Reproduce the data in full, exactly.

:: Data for this exercise

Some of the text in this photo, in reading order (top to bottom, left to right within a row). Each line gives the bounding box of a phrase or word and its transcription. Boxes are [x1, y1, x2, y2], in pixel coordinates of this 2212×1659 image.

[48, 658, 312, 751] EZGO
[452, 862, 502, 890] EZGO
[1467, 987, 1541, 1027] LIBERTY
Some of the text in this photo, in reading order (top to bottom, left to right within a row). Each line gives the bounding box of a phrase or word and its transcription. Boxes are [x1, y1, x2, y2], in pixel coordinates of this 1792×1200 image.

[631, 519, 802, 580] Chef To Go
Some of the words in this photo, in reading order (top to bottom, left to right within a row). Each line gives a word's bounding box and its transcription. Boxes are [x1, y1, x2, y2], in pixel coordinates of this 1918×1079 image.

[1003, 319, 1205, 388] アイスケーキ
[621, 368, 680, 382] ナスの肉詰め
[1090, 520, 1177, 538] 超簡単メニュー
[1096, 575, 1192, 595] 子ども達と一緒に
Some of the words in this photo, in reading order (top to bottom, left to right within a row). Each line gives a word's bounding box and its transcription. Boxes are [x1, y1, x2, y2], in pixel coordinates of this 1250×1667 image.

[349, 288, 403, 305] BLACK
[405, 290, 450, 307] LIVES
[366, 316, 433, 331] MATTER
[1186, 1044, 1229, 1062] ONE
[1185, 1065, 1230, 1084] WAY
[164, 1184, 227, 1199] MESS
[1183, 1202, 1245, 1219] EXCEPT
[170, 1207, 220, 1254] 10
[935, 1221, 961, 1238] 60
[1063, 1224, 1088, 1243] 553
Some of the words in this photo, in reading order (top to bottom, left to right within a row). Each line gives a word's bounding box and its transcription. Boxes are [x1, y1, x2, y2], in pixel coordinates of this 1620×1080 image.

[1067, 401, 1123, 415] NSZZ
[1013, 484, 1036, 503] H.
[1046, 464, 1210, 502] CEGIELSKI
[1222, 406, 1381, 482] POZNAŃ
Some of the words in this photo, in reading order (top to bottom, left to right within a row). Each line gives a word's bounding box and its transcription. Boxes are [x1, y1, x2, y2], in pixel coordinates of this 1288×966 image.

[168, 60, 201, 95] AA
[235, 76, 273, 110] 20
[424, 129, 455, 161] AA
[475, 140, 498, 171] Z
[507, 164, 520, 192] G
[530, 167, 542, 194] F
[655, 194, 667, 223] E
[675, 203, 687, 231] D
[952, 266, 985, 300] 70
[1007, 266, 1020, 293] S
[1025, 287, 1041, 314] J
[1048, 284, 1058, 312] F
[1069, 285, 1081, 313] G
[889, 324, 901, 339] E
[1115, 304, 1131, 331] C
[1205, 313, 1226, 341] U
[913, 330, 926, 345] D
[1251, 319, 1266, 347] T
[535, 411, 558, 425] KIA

::::

◆ **Written answer**:
Some of the text in this photo, in reading order (top to bottom, left to right within a row). Each line gives the bounding box of a phrase or word and its transcription. Boxes are [x1, y1, x2, y2], in pixel coordinates of this 2212×1659 image.

[48, 658, 312, 751] EZGO
[452, 862, 502, 890] EZGO
[1467, 987, 1541, 1027] LIBERTY
Some of the text in this photo, in reading order (top to bottom, left to right within a row). Each line gives the bounding box of a phrase or word and its transcription. Boxes are [x1, y1, x2, y2], in pixel coordinates of this 1792×1200 image.

[631, 519, 802, 580] Chef To Go
Some of the words in this photo, in reading order (top to bottom, left to right within a row). Each line gives a word's bounding box and its transcription. Boxes are [x1, y1, x2, y2], in pixel coordinates of this 1918×1079 image.

[1003, 319, 1205, 388] アイスケーキ
[621, 368, 680, 382] ナスの肉詰め
[1090, 520, 1177, 538] 超簡単メニュー
[1096, 575, 1192, 595] 子ども達と一緒に
Some of the words in this photo, in reading order (top to bottom, left to right within a row). Each line gives a word's bounding box and its transcription. Boxes are [x1, y1, x2, y2], in pixel coordinates of this 1250×1667 image.

[349, 288, 403, 305] BLACK
[405, 290, 450, 307] LIVES
[366, 316, 433, 331] MATTER
[1186, 1044, 1229, 1062] ONE
[1185, 1065, 1230, 1084] WAY
[164, 1184, 227, 1199] MESS
[1183, 1202, 1245, 1219] EXCEPT
[170, 1207, 220, 1254] 10
[935, 1221, 961, 1238] 60
[1063, 1224, 1088, 1243] 553
Some of the words in this photo, in reading order (top to bottom, left to right within a row). Each line gives a word's bounding box and its transcription. Boxes are [x1, y1, x2, y2], in pixel coordinates of this 1620×1080 image.

[1067, 401, 1123, 415] NSZZ
[1013, 484, 1036, 503] H.
[1046, 464, 1210, 502] CEGIELSKI
[1222, 406, 1381, 482] POZNAŃ
Some of the words in this photo, in reading order (top to bottom, left to right within a row). Each line gives a word's bounding box and its transcription. Boxes are [x1, y1, x2, y2], in pixel coordinates of this 1288×966 image.

[168, 60, 201, 95] AA
[235, 76, 273, 110] 20
[424, 129, 455, 161] AA
[475, 140, 498, 171] Z
[507, 164, 520, 192] G
[530, 167, 542, 194] F
[655, 194, 667, 223] E
[675, 203, 687, 231] D
[952, 266, 985, 300] 70
[1007, 266, 1020, 293] S
[1025, 287, 1041, 314] J
[1048, 284, 1058, 312] F
[1069, 285, 1081, 313] G
[889, 324, 901, 339] E
[1115, 304, 1131, 331] C
[1205, 313, 1226, 341] U
[913, 330, 926, 345] D
[1251, 319, 1266, 347] T
[535, 411, 558, 425] KIA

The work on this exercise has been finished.